The Department of Health and Human Services says about 6.1 million women in the U.S. ages 15 to 44 have difficulty getting pregnant or staying pregnant. 

• RESOLVE: The National Infertility Association says that about one-third of infertility is attributed to the female partner, one-third is attributed to the male partner and one-third is caused by a combination of problems in both partners, or is unexplained.    

The Money

The cost for IVF varies based on the procedure and the required and optional testing. Wheeler says, generally, the cost can range between $10,000 and $15,000 for one cycle. In some cases, one cycle of IVF can result in pregnancy, but it is possible to have to undergo multiple IVF cycles before a successful pregnancy. Costs can also vary by state and the procedure may or may not be covered by employer-provided health insurance. “In Michigan, there is usually very limited coverage for fertility,” Wheeler says. “There are more and more employers that are offering it as a benefit, but, in general, it’s not a requirement for employers in Michigan.” Investigate opportunities that could help offset your financial costs. Certain foundations may provide grants and scholarships that help pay for IVF costs, like the Baby Quest Foundation. Do your homework to determine if they are a good fit for you and your family.

The Persistence 

Most women require more than one cycle of IVF to be successful, but experts say not to get discouraged because many couples achieve success on subsequent IVF cycles. Be sure to ask your doctor the key questions.

What went wrong? You want to have as much information as possible to empower yourself to make decisions about next steps. 
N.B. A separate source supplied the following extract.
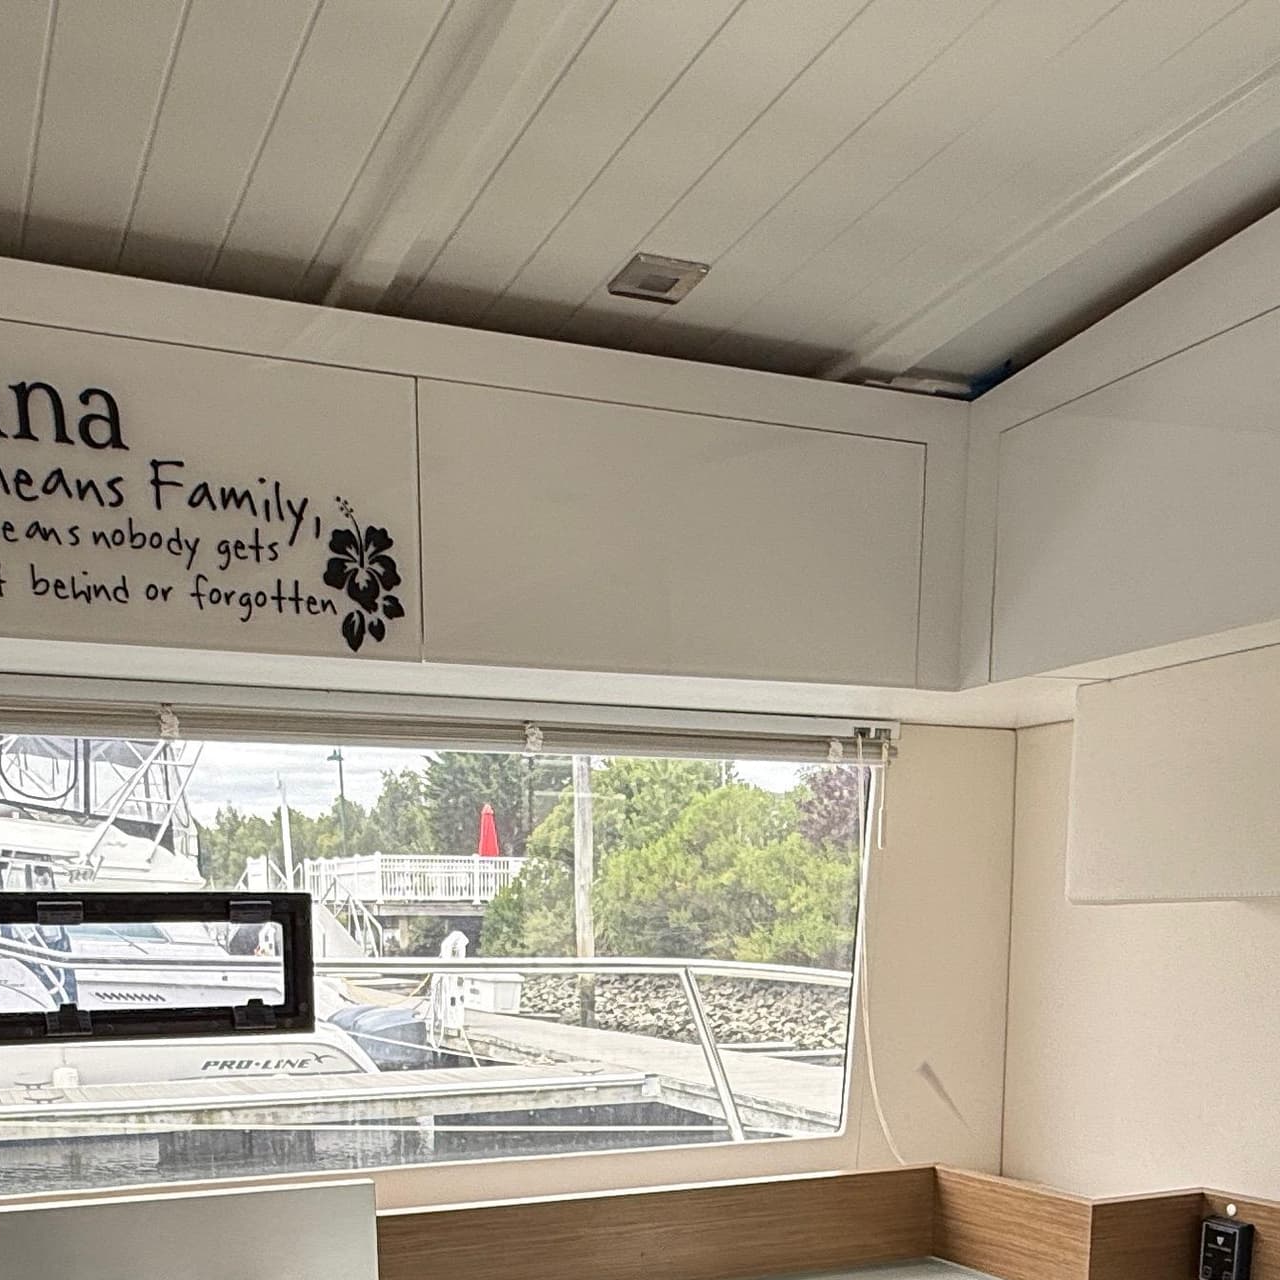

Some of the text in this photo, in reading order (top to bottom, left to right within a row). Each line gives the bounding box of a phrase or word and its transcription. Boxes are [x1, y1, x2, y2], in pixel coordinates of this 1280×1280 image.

Should the fertility drugs be changed? Your specialist may suggest changing the drugs that were used such as the stimulation medications.

What are my true chances of success? Ask for an honest analysis and for your doctor to be frank with you about your chances of success if you decide to move forward with another cycle. 

Should we consider other options? Discuss other infertility treatment alternatives – including surrogacy or adoption – with your doctor. 

“There is a lot of self-worth and self-value that women place on themselves if they are having difficulty getting pregnant, and so the IVF process, not only is it stressful putting a lot of pressure on their bodies to be able to perform, but also it can be expensive in a lot of cases, which adds to the stress of the procedure.” 

By Any Means

While IVF is the most commonly used assisted reproductive therapy, it’s not the only option. A few popular alternatives or co-therapies include:

Intrauterine insemination (IUI) involves placing sperm directly inside a woman’s uterus to increase the number that reach the fallopian tubes, thus increasing the chance of fertilization. 

Mature oocyte cryopreservation (egg freezing) is a method used to save a woman’s ability to get pregnant in the future. Eggs are harvested from the ovaries and frozen unfertilized for future use.

Gestational carriers (surrogates) bear genetically unrelated children for other women or couples. This process typically starts with IVF, but the egg fertilized is not that of the woman who will – it’s hoped – get pregnant.